Makes10 servings (3/4 cup each)
- 1/4 cup red wine vinegar
- 1 tablespoon Dijon mustard
- 1 tablespoon honey
- 1/2 teaspoon salt
- 1/8 teaspoon pepper
- 1/4 cup canola oil
- 1/4 cup olive oil
- 2 large sweet onions
- 2 medium zucchini
- 2 yellow summer squash
- 2 large sweet red peppers, halved and seeded
- 1 bunch green onions, trimmed
- Cooking spray
- In a small bowl, whisk the first five ingredients. Gradually whisk in oils until blended.
- Peel and quarter each sweet onion, leaving root ends intact. Cut zucchini and yellow squash lengthwise into 1/2-in.-thick slices. Lightly spritz onions, zucchini, yellow squash and remaining vegetables with cooking spray, turning to coat all sides.
- Grill sweet onions, covered, over medium heat 15-20 minutes until tender, turning occasionally. Grill zucchini, squash and peppers, covered, over medium heat 10-15 minutes or until crisp-tender and lightly charred, turning once. Grill green onions, covered, 2-4 minutes or until lightly charred, turning once.
- Cut vegetables into bite-size pieces; place in a large bowl. Add 1/2 cup vinaigrette and toss to coat. Serve with remaining vinaigrette.

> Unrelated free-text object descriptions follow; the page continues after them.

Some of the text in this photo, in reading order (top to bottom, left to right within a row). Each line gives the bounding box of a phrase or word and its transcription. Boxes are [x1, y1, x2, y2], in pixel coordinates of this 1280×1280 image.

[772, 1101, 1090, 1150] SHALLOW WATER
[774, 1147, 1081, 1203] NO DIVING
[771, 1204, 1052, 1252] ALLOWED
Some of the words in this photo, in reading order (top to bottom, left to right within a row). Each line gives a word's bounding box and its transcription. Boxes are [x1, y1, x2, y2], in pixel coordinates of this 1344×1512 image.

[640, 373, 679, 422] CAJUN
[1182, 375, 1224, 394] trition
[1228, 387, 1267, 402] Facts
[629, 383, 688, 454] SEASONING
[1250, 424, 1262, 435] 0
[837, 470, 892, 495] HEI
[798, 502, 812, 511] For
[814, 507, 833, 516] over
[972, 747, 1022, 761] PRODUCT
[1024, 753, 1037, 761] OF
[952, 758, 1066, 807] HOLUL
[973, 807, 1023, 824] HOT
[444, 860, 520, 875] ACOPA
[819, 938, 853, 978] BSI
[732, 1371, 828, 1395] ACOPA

Nutrition Facts3/4 cup: 155 calories, 12g fat (1g saturated fat), 0 cholesterol, 166mg sodium, 13g carbohydrate (8g sugars, 2g fiber), 2g protein. Diabetic Exchanges: 2-1/2 fat, 1 vegetable, 1/2 starch.

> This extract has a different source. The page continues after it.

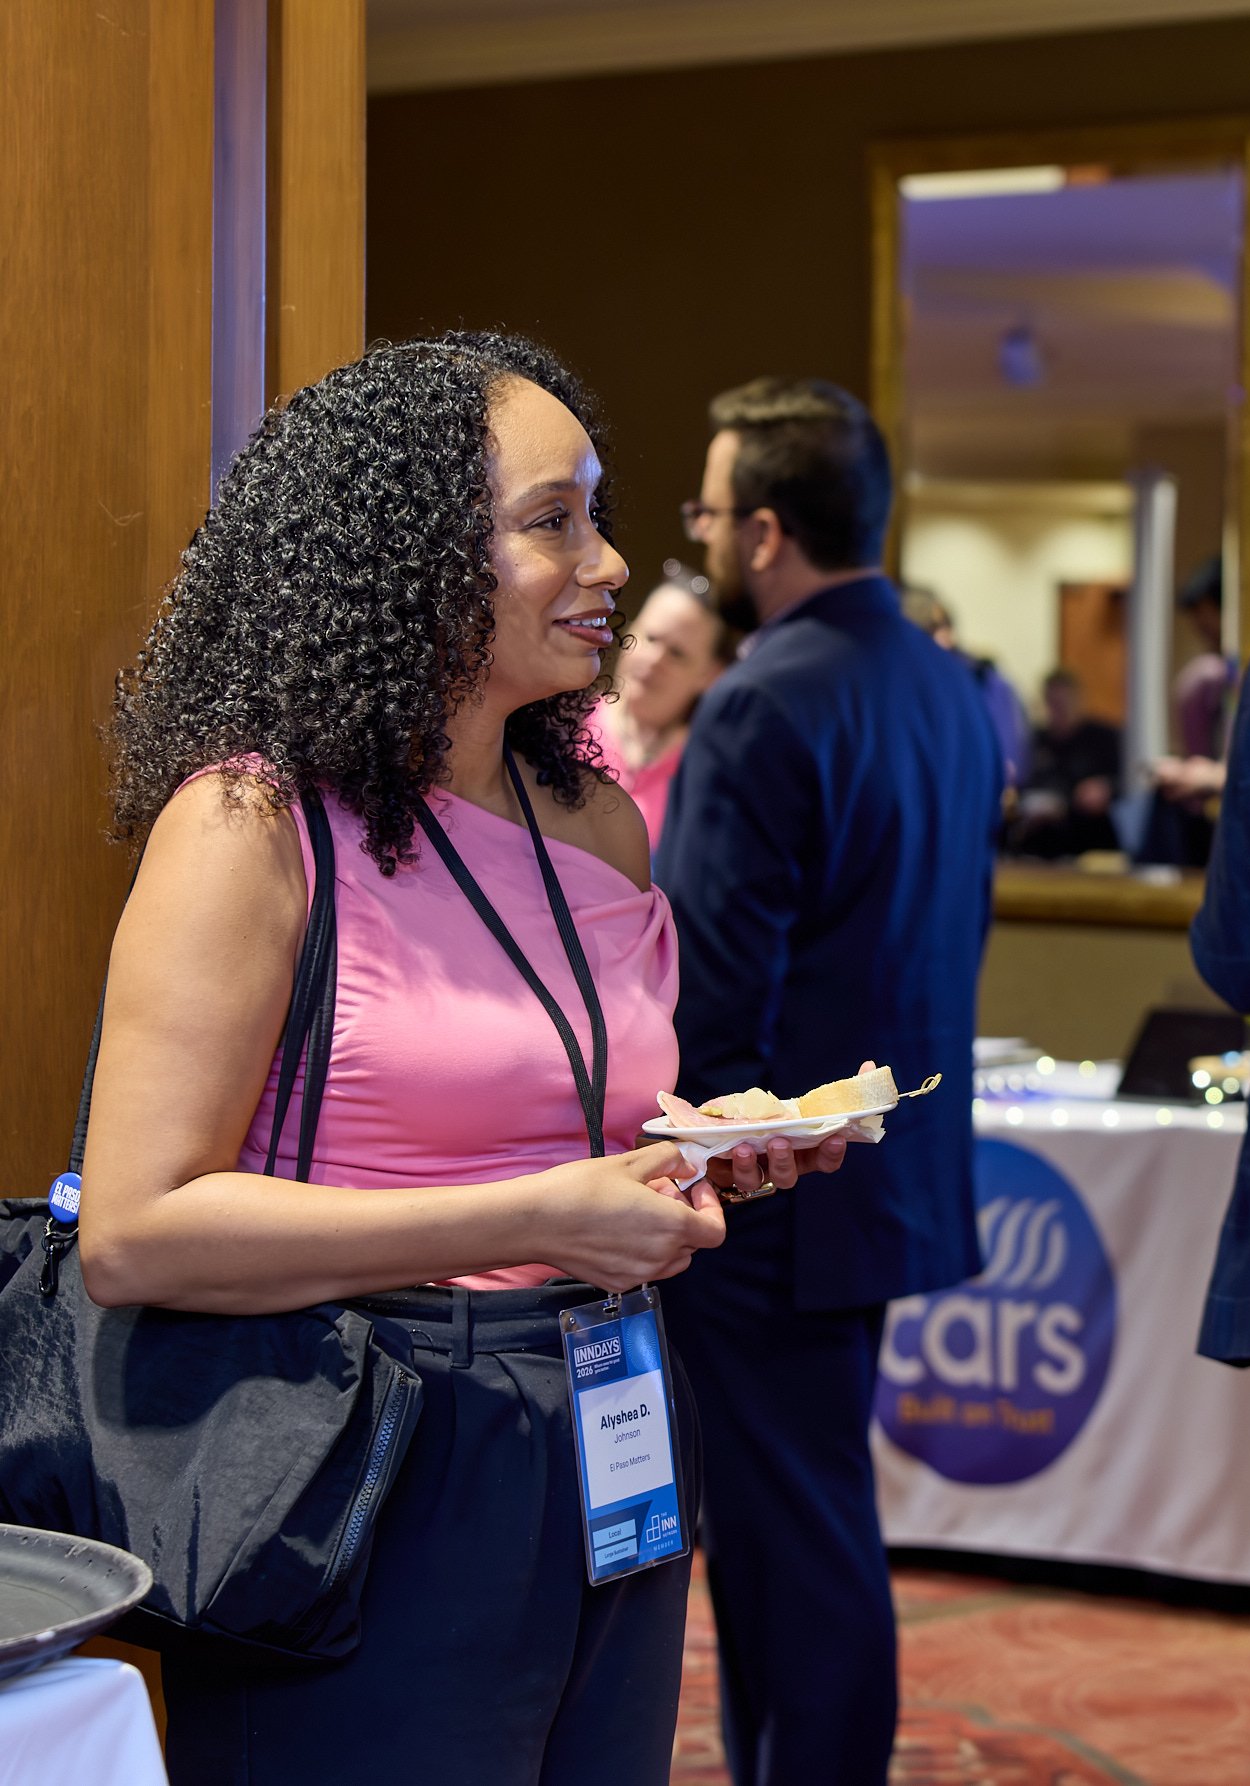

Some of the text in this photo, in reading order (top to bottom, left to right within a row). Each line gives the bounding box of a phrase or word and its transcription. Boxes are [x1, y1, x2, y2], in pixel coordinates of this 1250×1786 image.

Originally published as Grilled Veggies with mustard vinegarette in Taste of Home April/May 2015
Aug 11, 2016
This is a really good and easy recipe - love all the varieties of veggies you can use - and the sauce is outstanding.
Jul 25, 2015
I made 1/2 recipe. I substituted a yellow pepper for the squash. Definite keeper.